- Origin: New York City, U.S.
- Genres: Ambient, experimental, free improvisation
- Years active: 1995–2007
- Label: Tzadik
- Members: Fred Frith Kato Hideki Ikue Mori
- Past members: James Plotkin

= Death Ambient =

American experimental and ambient music trio

Death Ambient is an American experimental and ambient music trio comprising Kato Hideki (bass guitar), Ikue Mori (drum machines), and Fred Frith (guitar). The group was formed by Kato and Mori in 1995 and recorded three albums: Death Ambient (1995) Synaesthesia (1999), Drunken Forest (2007) with guest Jim Pugliese (percussion).

==Background==
Kato Hideki, a Japanese bass guitarist and founding member of Ground Zero, moved to New York City in 1992. He began working with Christian Marclay, Marc Ribot, and John Zorn. In 1995, he began collaborating with Ikue Mori, who had been the drummer for DNA. After DNA disbanded, Mori experimented with modified drum machines to play samples of music, before shifting entirely to laptop computer-based music creation. Mori and Kato invited guitarist Fred Frith to the join the group. A founding member of Henry Cow, Frith had lived in New York City for fourteen years and collaborated with many experimental music musicians. According to Mori, the aim of Death Ambient was "to create sounds and texture extravaganza."

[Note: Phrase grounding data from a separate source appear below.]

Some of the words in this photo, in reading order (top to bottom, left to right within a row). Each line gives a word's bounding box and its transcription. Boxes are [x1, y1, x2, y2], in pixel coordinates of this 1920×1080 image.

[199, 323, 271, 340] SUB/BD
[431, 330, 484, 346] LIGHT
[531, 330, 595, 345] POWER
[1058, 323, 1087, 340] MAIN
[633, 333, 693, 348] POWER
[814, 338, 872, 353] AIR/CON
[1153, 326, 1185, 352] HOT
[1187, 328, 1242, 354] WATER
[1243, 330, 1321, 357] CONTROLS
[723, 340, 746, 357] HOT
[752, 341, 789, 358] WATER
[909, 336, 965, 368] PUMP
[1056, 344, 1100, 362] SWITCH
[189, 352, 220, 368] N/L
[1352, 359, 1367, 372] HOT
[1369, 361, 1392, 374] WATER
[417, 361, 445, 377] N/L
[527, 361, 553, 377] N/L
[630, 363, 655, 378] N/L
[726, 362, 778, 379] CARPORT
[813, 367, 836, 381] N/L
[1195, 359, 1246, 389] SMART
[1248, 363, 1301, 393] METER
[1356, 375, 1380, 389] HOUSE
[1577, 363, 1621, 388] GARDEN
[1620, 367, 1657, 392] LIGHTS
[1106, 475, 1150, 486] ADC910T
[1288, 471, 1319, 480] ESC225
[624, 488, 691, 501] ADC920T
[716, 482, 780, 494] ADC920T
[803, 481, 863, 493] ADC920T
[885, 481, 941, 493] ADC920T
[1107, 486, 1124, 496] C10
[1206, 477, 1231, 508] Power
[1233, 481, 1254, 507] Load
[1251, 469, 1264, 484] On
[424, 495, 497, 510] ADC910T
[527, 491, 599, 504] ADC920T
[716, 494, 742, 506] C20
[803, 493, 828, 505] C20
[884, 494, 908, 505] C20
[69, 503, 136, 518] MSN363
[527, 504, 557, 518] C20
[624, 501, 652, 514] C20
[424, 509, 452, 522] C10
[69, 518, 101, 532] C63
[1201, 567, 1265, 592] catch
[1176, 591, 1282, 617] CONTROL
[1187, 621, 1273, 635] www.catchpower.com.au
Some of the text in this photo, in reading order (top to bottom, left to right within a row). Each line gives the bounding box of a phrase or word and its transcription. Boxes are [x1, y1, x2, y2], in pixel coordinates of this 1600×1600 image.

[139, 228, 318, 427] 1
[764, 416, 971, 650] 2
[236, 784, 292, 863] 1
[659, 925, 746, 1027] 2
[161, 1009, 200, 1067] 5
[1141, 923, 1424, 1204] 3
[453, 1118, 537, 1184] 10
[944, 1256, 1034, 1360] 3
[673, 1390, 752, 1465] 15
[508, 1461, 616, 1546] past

Death Ambient recorded their first album, Death Ambient at Green Point Studio in Brooklyn in 1995. The ambient music was a collection of improvised pieces that included Mori's drum machine generated sound samples. The album was released the same year in the New Japan series on John Zorn's Tzadik record label.

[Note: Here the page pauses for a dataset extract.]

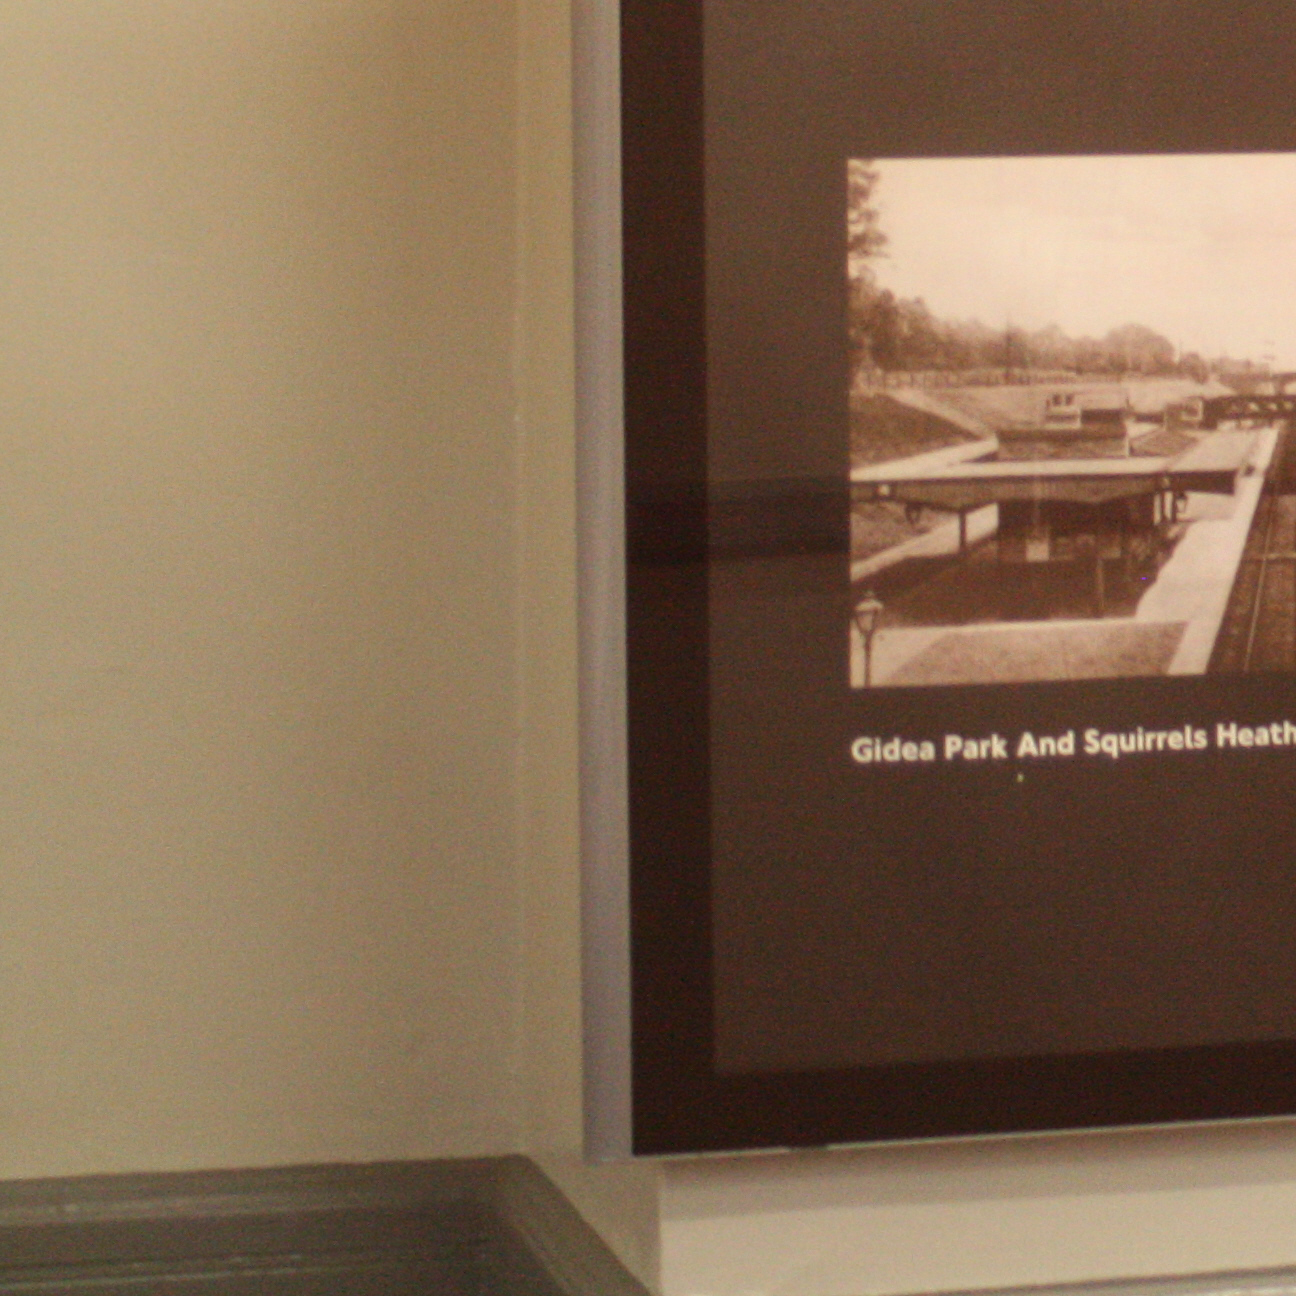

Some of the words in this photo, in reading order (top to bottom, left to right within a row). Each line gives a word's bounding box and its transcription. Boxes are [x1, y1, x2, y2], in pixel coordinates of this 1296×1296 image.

[850, 736, 936, 764] Gidea
[944, 733, 1008, 760] Park
[1016, 729, 1076, 758] And
[1083, 724, 1208, 760] Squirrels

In 1997 American guitarist James Plotkin temporarily replaced Frith for a UK tour that included concerts in London and Stirling. The London concert was broadcast on BBC Radio 3's show, Mixing It. Frith rejoined Death Ambient in 1998 and the trio gave a concert in Halle, Germany. It was the first time the original trio had performed together as a group outside the recording studio. In June 1999 they returned to New York City to record their second album, Synaesthesia, using material from the concert in Germany. It was also released on Tzadik Records in 1999.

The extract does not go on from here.